A half-century after its debut, the Fiat X1/9 (later known as the Bertone X1/9) remains a benchmark for sophisticated sports car design in an affordable package. At launch, the Italian two-seater instantly made everything else in its price range look a decade out of date. The popularity of this mid-engine wedge helped it remain in production even after its parent company moved on, outlasting 1970s competitors like the Porsche 914 and inspiring 1980s rivals like the Pontiac Fiero and Toyota MR2.

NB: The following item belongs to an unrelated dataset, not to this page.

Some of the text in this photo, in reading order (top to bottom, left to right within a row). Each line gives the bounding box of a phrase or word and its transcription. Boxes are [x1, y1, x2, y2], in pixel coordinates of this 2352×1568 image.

Prior to our feature model’s introduction, Fiat’s sports cars used either the conventional front engine/rear-drive layout or rear engine/rear drive; the 1964 introduction of the transverse-mounted front engine/front drive Autobianchi Primula, designed by engineer Dante Giacosa, set the stage for the later X1/9. Giacosa’s 1968 Autobianchi G 31 show car was proof of concept: that rakish looking fastback mounted its four-cylinder driveline sideways behind the seats, achieving the mid-engine/rear-drive layout used in racecars and brought to the street by Lamborghini’s groundbreaking Miura.

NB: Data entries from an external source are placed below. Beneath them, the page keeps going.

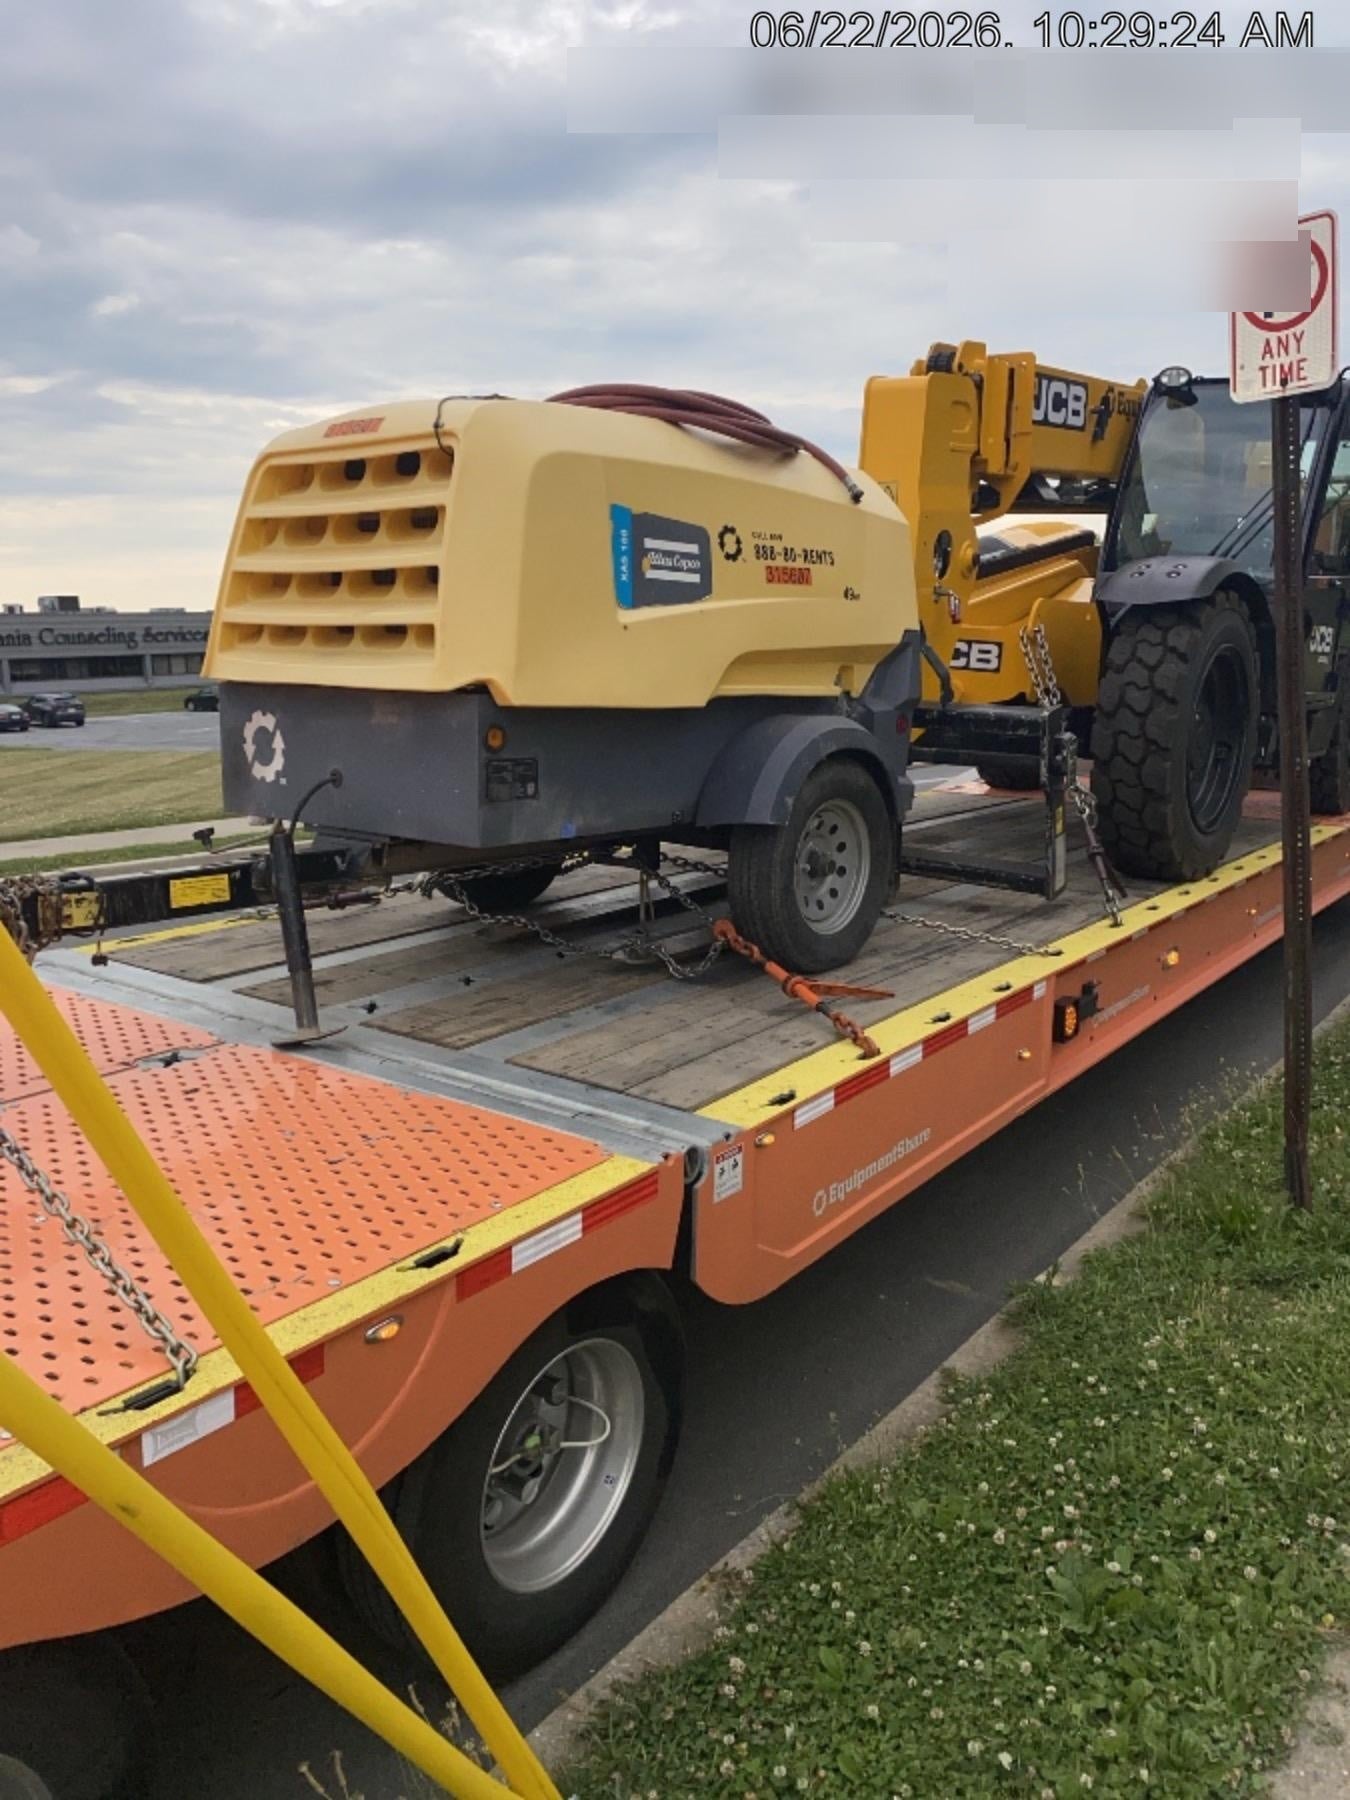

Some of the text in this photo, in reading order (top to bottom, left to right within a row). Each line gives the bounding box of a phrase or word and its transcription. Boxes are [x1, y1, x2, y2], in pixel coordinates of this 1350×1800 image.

[1261, 330, 1305, 361] ANY
[1258, 357, 1309, 388] TIME
[1032, 378, 1085, 427] JCB
[673, 554, 701, 570] Copco
[753, 543, 835, 567] 888-80-RENTS
[39, 627, 138, 650] Counseling
[829, 1127, 932, 1205] EquipmentShare

With inexpensive Fiat mechanicals proven to work in this fashion, all that was left was to clothe a production sports car. Carrozzeria Bertone, which had designed and built bodies for Fiat’s 850 Spider and Ferrari V-6-powered Dino coupe, had the perfect starting point in the wedge-shaped 1969 Autobianchi A112 Runabout concept, styled by future Lamborghini Countach designer Marcello Gandini. In consideration of potential forthcoming U.S. safety regulations, the mid-engine two-seater wouldn’t be a true convertible, instead featuring a removable roof panel that bridged the windshield frame and the sturdy fixed rear buttress.